In the late naughties, Harlin moved to China, where he made a trio of films: 2016's Skiptrace (starring Jackie Chan and Johnny Knoxville), 2018's Legend of the Sword and this, a 2019 thriller written by David Lesser that was originally intended for the US market.
It is fitting that a filmmaker like Renny Harlin is the director of a movie like Bodies at Rest. A small-scale variant of Die Hard, it shares DNA with The Desperate Hours, Wait Until Dark, Panic Room and a bunch of other Hollywood thrillers of the kind which used to be made in Hollywood about 20 years ago - especially by directors like Renny Harlin.
I used to dislike Harlin's work - I always thought he tended to over-cut his action sequences, and amp them cop with unnecessary slo-mo and OTT touches.
Recent re-watches of his early work have completely turned me around on him. He does use more coverage than I personally like, but you can always follow what is going on. He may not be that subtle, but he has a showman's touch for genre and spectacle. It is an underrated skillset which a lot of younger filmmakers in the Hollywood sphere could learn from.
With Bodies at Rest, Harlin seems to be operating from a more restrained place - he covers the action, while letting the story unfold at its own pace.
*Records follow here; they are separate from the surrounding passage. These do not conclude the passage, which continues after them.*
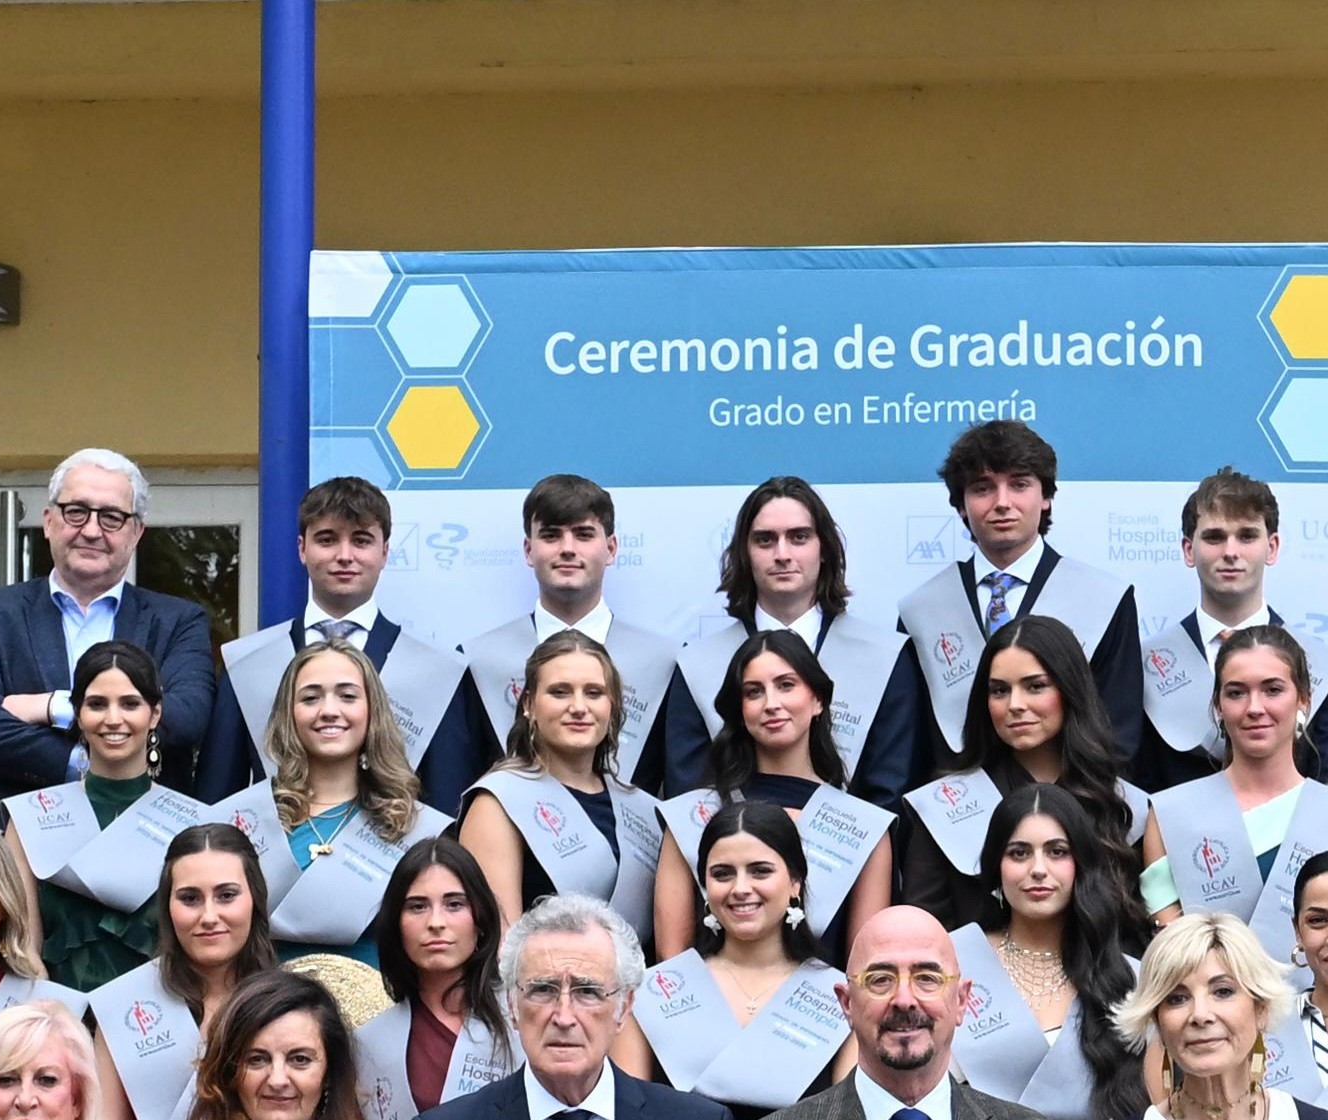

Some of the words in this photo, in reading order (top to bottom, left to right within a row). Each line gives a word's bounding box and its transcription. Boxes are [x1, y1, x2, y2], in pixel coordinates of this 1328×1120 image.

[544, 325, 819, 376] Ceremonia
[833, 323, 896, 371] de
[909, 315, 1204, 368] Graduación
[708, 395, 805, 427] Grado
[813, 402, 852, 425] en
[863, 389, 1037, 425] Enfermería
[1108, 512, 1159, 525] Escuela
[1108, 527, 1180, 544] Hospital
[907, 540, 946, 559] AXA
[1108, 544, 1181, 563] Mompía
[943, 659, 971, 681] UCAV
[1156, 670, 1187, 691] UCAV
[37, 812, 71, 825] UCAV
[946, 799, 980, 820] UCAV
[808, 818, 861, 851] Mompía
[814, 808, 870, 841] Hospital
[552, 832, 582, 851] UCAV
[1201, 875, 1236, 894] UCAV
[660, 993, 696, 1014] UCAV
[784, 995, 840, 1030] Mompía
[967, 1011, 1004, 1034] UCAV
[134, 1029, 171, 1051] UCAV
[1264, 1065, 1290, 1083] CAV
The script is tightening series of vices, and the filmmaking supports the story's unfolding with a focus on tension.
There is action, but most of the movie comes down to a series of standoffs between the morgue staff and their captors.
You get your classic scenes from these thrillers - a sudden arrival which demands role-play; an attempt to smuggle out an SOS message; the foiled escape; the false escape, and a great collection of reversals and obstacles which keep our heroes on the back-foot.
The performances are all solid - Cheung is the calm centre, trying to maintain composure and out-wit his foes, and Yang Zi throws herself into some bruising fight sequences. Richie Jen brings a cold-blooded certainty and physicality to the lead villain.
Nothing about the movie stands out in a memorable way, but that is no criticism - the actors fulfil their roles and keep the story credible.
I love thrillers like this, where the suspense is based on characters trying to outthink each other. And the script does not try to fool the audience or let the characters off with a cheap deus ex machina plot contrivance.
Heroes and villains are always trying to stay on top of each other. No matter what Chen Jia Hao or Lynn improvise, the villains are figuring out their own solutions, and vice-versa. And the characters seem to be genuinely affected by their various scraps - by the end of the movie, the survivors are exhausted, bloodied and limping.
It is the definition of a thrill ride - and it stays in the same building!
A fun watch, and a great addition to Renny Harlin's filmography.